Ketiga, insentif yang diberikan pemerintah untuk mendorong konsumen beralih menggunakan mobil listrik dari mesin konvensional.
Menurut Isao, Jepang menggelontorkan insentif berupa subsidi pebelian mobil listrik sekitar 10.000 dollar AS per unit. Faktanya, meskipun insentif bisa membantu mendongkrak penjualan mobil listrik, tetapi tidak berlaku di Jepang sekalipun.
Keempat, model mobil listrik yang pas untuk pasar yang tepat.
Nissan sendiri sudah mulai jualan Leaf generasi kedua di Indonesia sejak Agustus 2021 lewat mekanisme spot order alias inden dahulu. Data Gaikindo mencatat, sepanjang 2021 saja Nissan baru berhasil menjual Leaf secara wholesale 42 unit saja.
Isao melanjutkan, keempat faktor ini akan mampu mendorong percepatan penjualan mobil listrik pada suatu negara. Kesuksesan juga sangat tergantung dari kecepatan masing-masing faktor bisa punya pengaruh besar terhadap minat beli konsumen.

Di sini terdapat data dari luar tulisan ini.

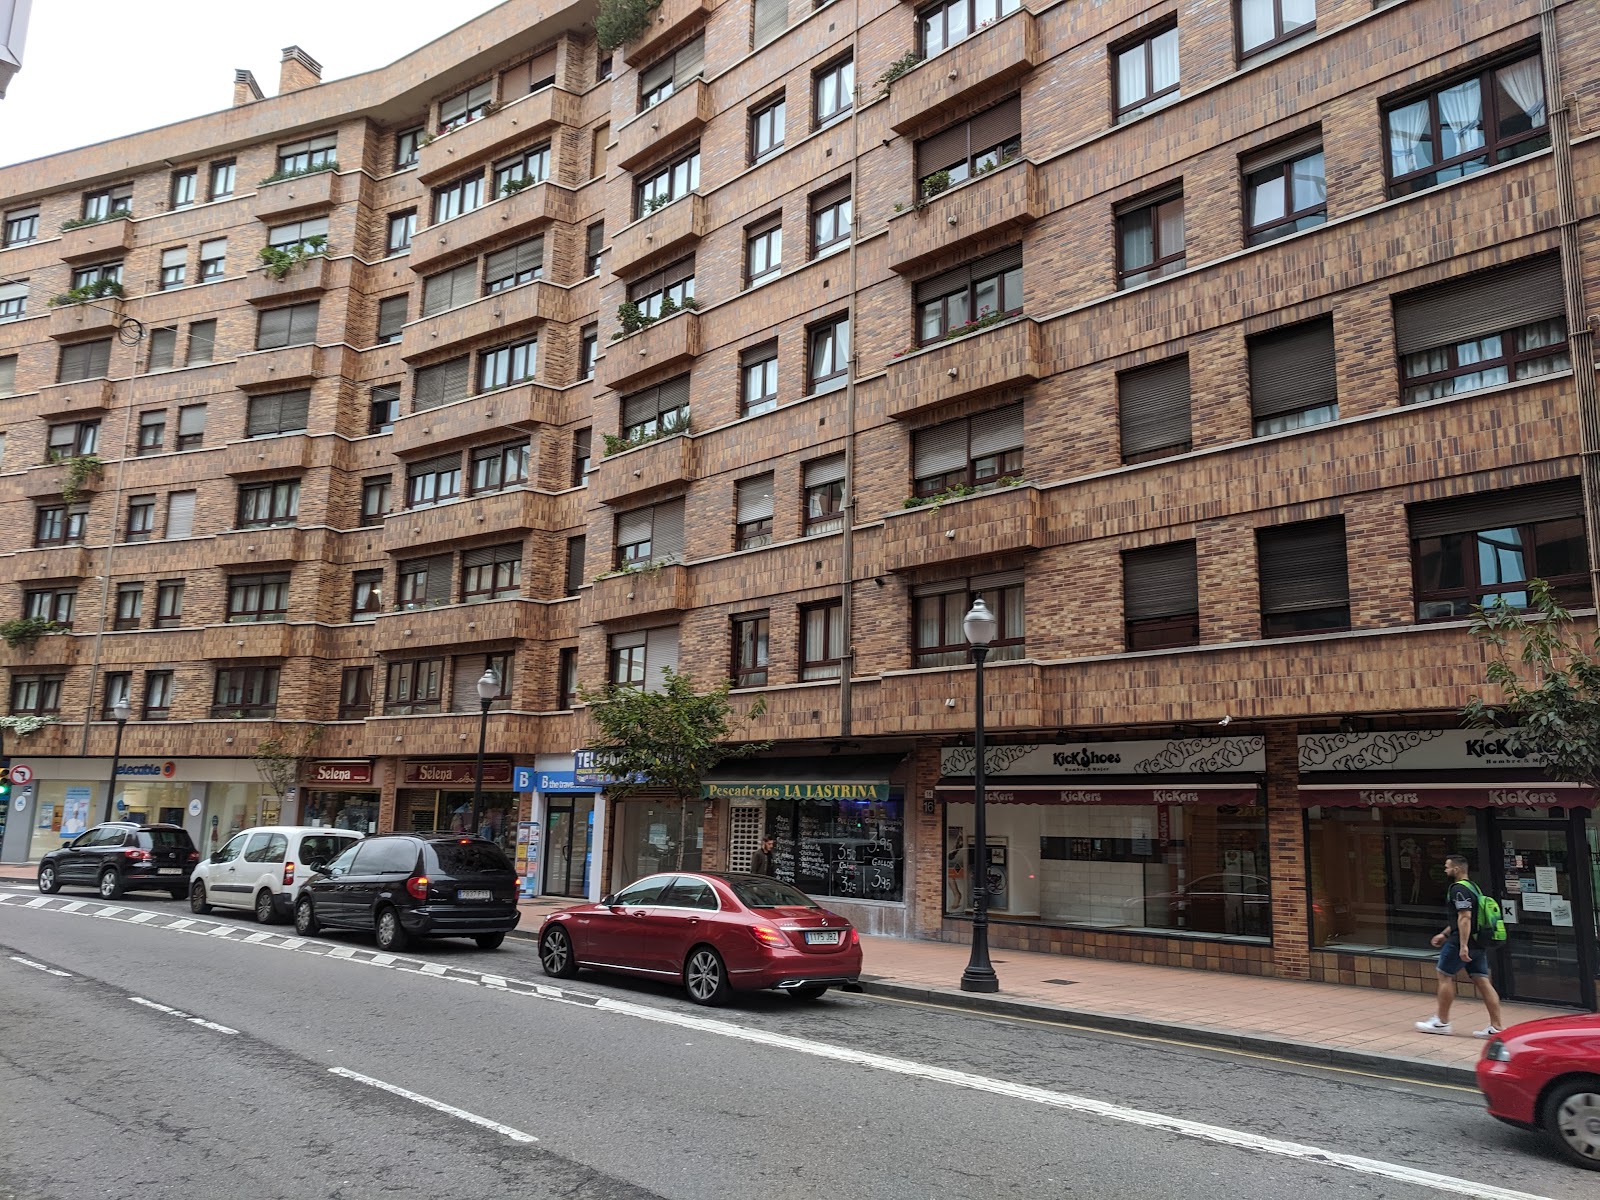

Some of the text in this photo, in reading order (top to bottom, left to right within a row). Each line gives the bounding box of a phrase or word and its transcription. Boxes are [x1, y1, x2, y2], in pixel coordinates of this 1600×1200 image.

[115, 764, 160, 776] elecable
[317, 765, 350, 781] Selena
[419, 765, 452, 781] Selena
[519, 771, 529, 788] B
[541, 775, 549, 789] B
[549, 780, 559, 788] the
[709, 784, 877, 798] Pescaderías LA LASTRINA
[984, 792, 1014, 801] icKers
[924, 801, 934, 812] 16
[1504, 907, 1513, 916] K
[810, 932, 825, 941] 1175
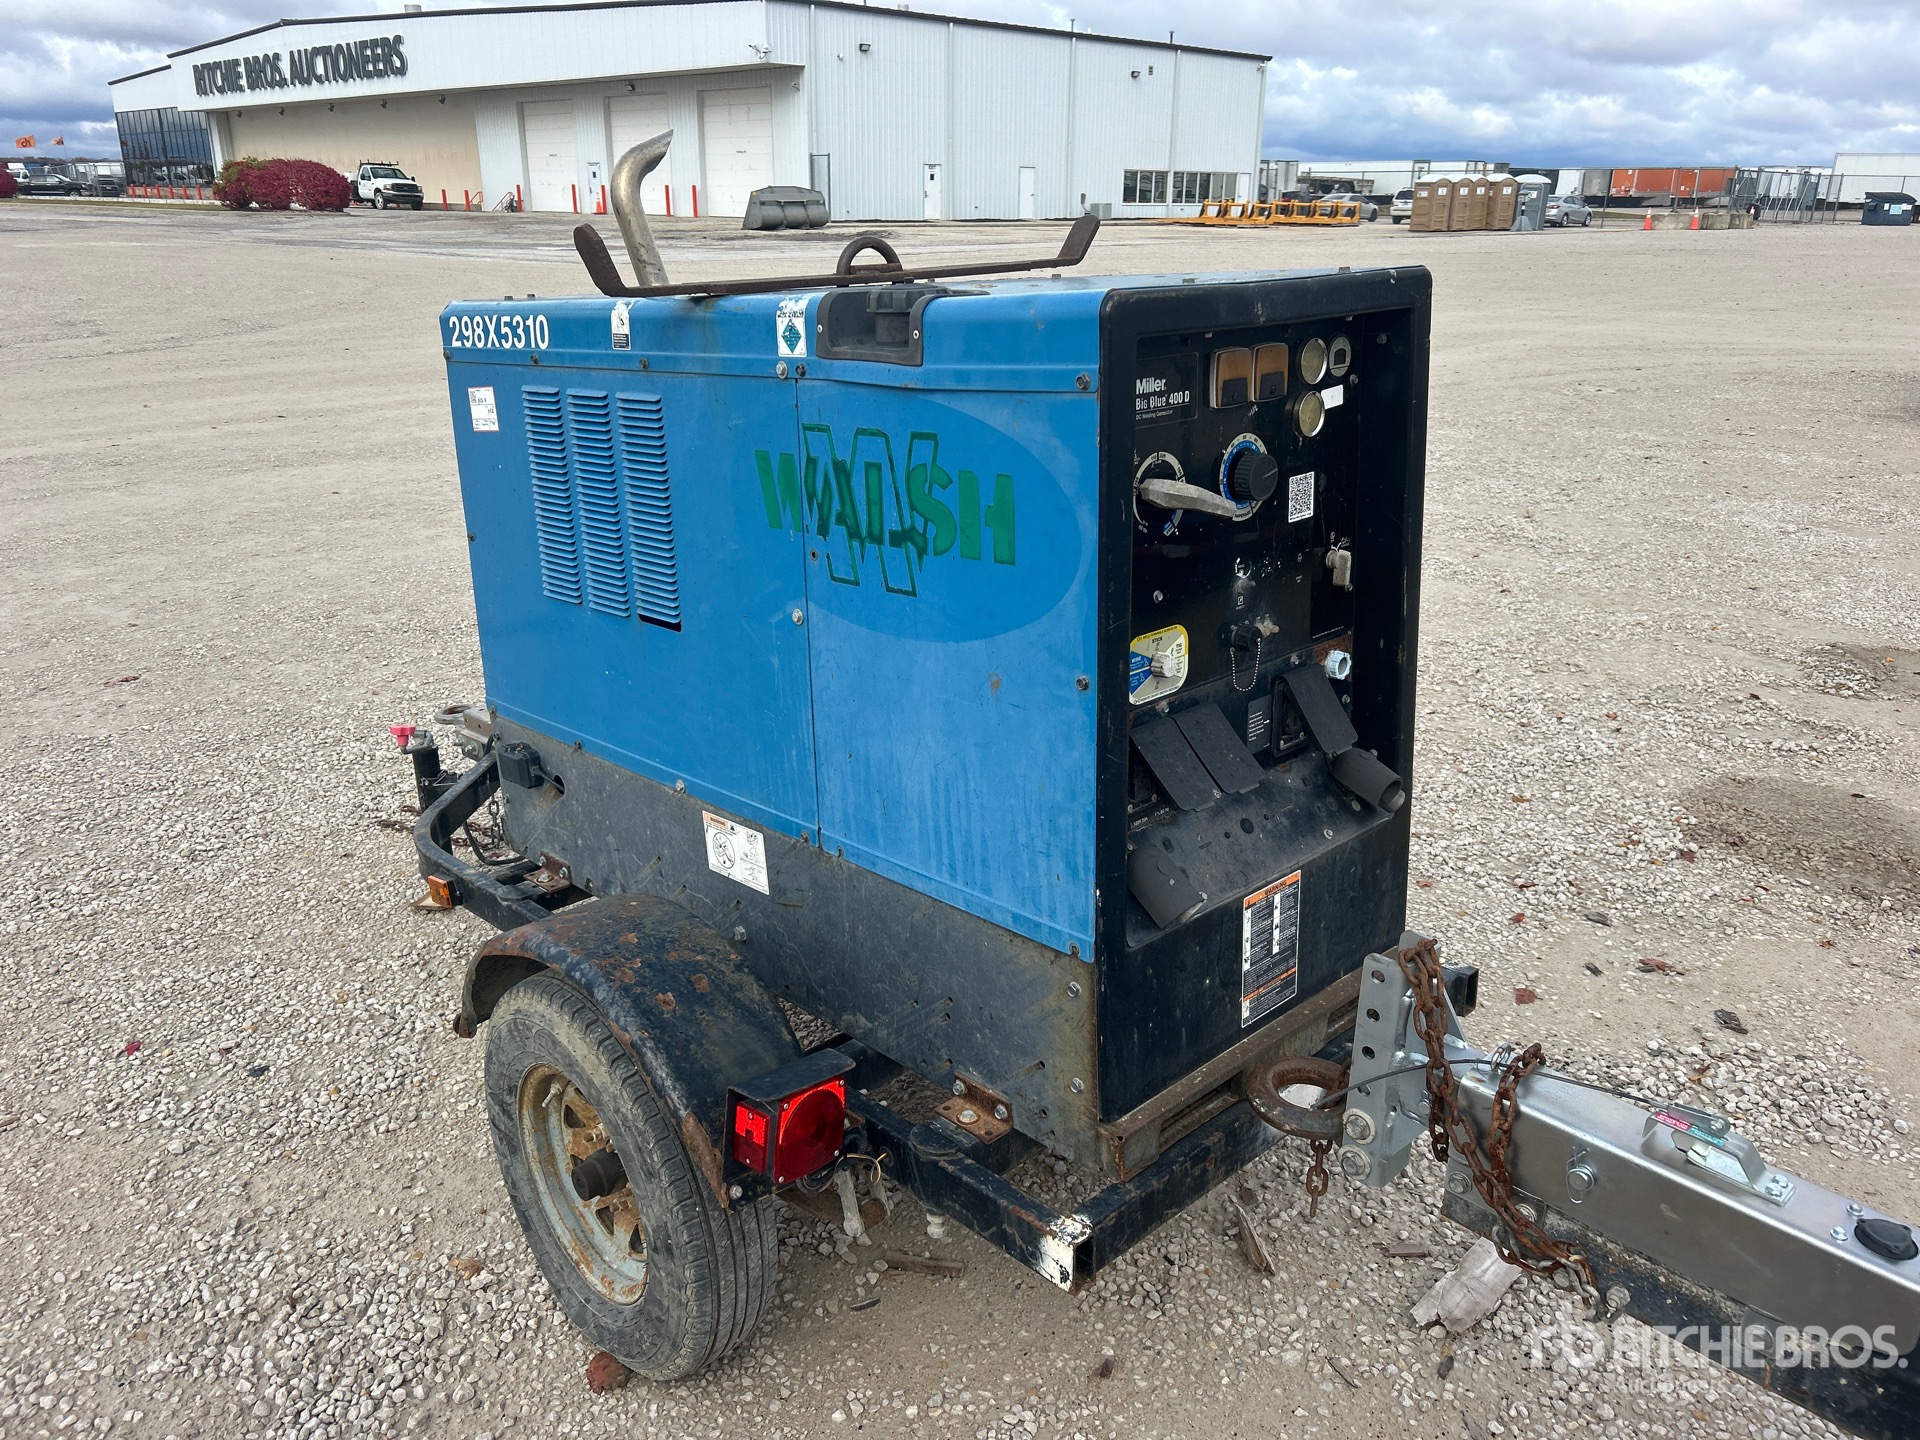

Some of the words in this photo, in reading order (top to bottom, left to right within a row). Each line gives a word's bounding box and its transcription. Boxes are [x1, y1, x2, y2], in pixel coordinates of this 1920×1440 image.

Dengan menghadirkan berbagai pilhan teknologi, mulai dari hybrid, PHEV, BEV, hingga hydrogen fuel cell, maka akan menciptakan opsi lebih beragam bagi masyarakat. Pilihan model yang dijual pada segmen jenis kendaraan tertentu juga jadi pengaruh.
“Jangan pernah lupakan, pada akhirnya konsumen lah yang akan memilih (mobil listrik),” ucap Isao.
Penjualan global Nissan Leaf sejak peluncuran perdana sekitar 577.000 unit. Porsi pasar terbesar Leaf justru terdapat di Eropa dengan sumbangan 208.000 unit, kemudian disusul 165.000 unit di AS, dan terakhir 157.000 unit di Jepang.